[What needs to be done] Could you reproduce the line where "this 1316×1110 image." occurs and all lines after it in the listing below, through the final one, without changing anything?
========
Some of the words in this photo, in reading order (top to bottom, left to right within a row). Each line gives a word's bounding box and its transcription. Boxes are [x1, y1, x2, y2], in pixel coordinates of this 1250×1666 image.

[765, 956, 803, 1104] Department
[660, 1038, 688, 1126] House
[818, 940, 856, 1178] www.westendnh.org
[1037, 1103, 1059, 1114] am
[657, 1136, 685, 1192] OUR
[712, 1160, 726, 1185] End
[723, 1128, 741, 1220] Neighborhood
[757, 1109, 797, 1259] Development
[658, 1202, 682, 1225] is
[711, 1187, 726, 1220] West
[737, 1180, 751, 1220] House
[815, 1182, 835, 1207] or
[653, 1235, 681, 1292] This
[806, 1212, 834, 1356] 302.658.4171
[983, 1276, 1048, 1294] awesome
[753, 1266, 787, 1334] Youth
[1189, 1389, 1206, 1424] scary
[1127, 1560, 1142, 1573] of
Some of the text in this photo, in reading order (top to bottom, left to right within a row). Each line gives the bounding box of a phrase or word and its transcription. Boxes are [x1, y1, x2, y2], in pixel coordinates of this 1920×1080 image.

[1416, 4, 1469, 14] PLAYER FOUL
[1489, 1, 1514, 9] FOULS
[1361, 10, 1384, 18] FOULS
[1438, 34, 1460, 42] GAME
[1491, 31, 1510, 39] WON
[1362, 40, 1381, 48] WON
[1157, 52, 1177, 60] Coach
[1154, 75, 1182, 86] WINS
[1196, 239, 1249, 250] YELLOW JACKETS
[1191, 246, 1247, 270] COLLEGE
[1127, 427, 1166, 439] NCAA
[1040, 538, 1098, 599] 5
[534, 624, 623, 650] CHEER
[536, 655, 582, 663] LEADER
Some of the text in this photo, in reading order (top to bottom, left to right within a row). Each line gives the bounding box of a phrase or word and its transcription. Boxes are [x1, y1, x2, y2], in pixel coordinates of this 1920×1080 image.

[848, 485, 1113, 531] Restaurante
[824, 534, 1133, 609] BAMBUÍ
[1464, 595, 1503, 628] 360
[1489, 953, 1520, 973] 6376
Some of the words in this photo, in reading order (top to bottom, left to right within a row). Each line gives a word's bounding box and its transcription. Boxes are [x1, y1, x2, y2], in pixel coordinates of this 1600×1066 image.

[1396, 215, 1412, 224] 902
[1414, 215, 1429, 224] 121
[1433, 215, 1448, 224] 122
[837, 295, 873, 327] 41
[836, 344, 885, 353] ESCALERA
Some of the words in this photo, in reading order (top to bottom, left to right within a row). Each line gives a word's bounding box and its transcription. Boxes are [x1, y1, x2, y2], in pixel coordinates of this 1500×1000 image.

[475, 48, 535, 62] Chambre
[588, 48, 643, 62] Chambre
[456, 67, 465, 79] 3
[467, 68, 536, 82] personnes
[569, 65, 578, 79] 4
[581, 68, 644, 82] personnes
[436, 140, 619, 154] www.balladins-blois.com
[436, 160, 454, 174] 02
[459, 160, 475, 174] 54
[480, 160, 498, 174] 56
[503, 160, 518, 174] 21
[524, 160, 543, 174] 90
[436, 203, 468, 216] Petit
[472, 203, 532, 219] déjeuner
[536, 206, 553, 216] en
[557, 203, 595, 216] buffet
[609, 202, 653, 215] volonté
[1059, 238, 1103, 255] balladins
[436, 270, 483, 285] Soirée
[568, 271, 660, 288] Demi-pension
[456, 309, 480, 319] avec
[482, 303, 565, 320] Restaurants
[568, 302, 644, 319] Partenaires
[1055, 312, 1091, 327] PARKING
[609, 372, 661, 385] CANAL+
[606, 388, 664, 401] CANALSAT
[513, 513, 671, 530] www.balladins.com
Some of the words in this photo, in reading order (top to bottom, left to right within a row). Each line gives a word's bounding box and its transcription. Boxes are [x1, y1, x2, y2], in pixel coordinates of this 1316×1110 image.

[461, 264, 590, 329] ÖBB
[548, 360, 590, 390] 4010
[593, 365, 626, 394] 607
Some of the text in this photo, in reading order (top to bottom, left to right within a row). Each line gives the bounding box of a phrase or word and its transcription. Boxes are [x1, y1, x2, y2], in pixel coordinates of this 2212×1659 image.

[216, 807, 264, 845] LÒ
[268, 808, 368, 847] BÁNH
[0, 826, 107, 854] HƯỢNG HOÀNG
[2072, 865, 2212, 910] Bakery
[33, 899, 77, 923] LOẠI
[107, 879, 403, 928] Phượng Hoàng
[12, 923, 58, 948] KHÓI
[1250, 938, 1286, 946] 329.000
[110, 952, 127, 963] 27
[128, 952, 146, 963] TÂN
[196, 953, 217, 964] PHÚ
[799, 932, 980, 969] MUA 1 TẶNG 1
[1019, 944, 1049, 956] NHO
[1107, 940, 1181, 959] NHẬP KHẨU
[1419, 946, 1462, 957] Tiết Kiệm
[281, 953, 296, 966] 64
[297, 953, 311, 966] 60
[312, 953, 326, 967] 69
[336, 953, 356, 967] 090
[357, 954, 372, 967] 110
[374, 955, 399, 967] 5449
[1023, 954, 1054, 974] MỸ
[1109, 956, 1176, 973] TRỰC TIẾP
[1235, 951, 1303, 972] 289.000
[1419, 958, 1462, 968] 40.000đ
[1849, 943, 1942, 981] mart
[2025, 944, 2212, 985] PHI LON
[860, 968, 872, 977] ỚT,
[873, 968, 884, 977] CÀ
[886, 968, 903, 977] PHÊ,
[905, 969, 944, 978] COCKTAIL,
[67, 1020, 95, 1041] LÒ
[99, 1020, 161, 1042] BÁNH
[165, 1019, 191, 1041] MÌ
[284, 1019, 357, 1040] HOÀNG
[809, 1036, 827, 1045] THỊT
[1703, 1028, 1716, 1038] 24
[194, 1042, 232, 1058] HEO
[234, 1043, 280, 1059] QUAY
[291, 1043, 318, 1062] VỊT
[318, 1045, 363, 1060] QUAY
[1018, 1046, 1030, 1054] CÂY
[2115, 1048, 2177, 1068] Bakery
========
[Exercise result]
Some of the words in this photo, in reading order (top to bottom, left to right within a row). Each line gives a word's bounding box and its transcription. Boxes are [x1, y1, x2, y2], in pixel coordinates of this 1316×1110 image.

[461, 264, 590, 329] ÖBB
[548, 360, 590, 390] 4010
[593, 365, 626, 394] 607
Some of the text in this photo, in reading order (top to bottom, left to right within a row). Each line gives the bounding box of a phrase or word and its transcription. Boxes are [x1, y1, x2, y2], in pixel coordinates of this 2212×1659 image.

[216, 807, 264, 845] LÒ
[268, 808, 368, 847] BÁNH
[0, 826, 107, 854] HƯỢNG HOÀNG
[2072, 865, 2212, 910] Bakery
[33, 899, 77, 923] LOẠI
[107, 879, 403, 928] Phượng Hoàng
[12, 923, 58, 948] KHÓI
[1250, 938, 1286, 946] 329.000
[110, 952, 127, 963] 27
[128, 952, 146, 963] TÂN
[196, 953, 217, 964] PHÚ
[799, 932, 980, 969] MUA 1 TẶNG 1
[1019, 944, 1049, 956] NHO
[1107, 940, 1181, 959] NHẬP KHẨU
[1419, 946, 1462, 957] Tiết Kiệm
[281, 953, 296, 966] 64
[297, 953, 311, 966] 60
[312, 953, 326, 967] 69
[336, 953, 356, 967] 090
[357, 954, 372, 967] 110
[374, 955, 399, 967] 5449
[1023, 954, 1054, 974] MỸ
[1109, 956, 1176, 973] TRỰC TIẾP
[1235, 951, 1303, 972] 289.000
[1419, 958, 1462, 968] 40.000đ
[1849, 943, 1942, 981] mart
[2025, 944, 2212, 985] PHI LON
[860, 968, 872, 977] ỚT,
[873, 968, 884, 977] CÀ
[886, 968, 903, 977] PHÊ,
[905, 969, 944, 978] COCKTAIL,
[67, 1020, 95, 1041] LÒ
[99, 1020, 161, 1042] BÁNH
[165, 1019, 191, 1041] MÌ
[284, 1019, 357, 1040] HOÀNG
[809, 1036, 827, 1045] THỊT
[1703, 1028, 1716, 1038] 24
[194, 1042, 232, 1058] HEO
[234, 1043, 280, 1059] QUAY
[291, 1043, 318, 1062] VỊT
[318, 1045, 363, 1060] QUAY
[1018, 1046, 1030, 1054] CÂY
[2115, 1048, 2177, 1068] Bakery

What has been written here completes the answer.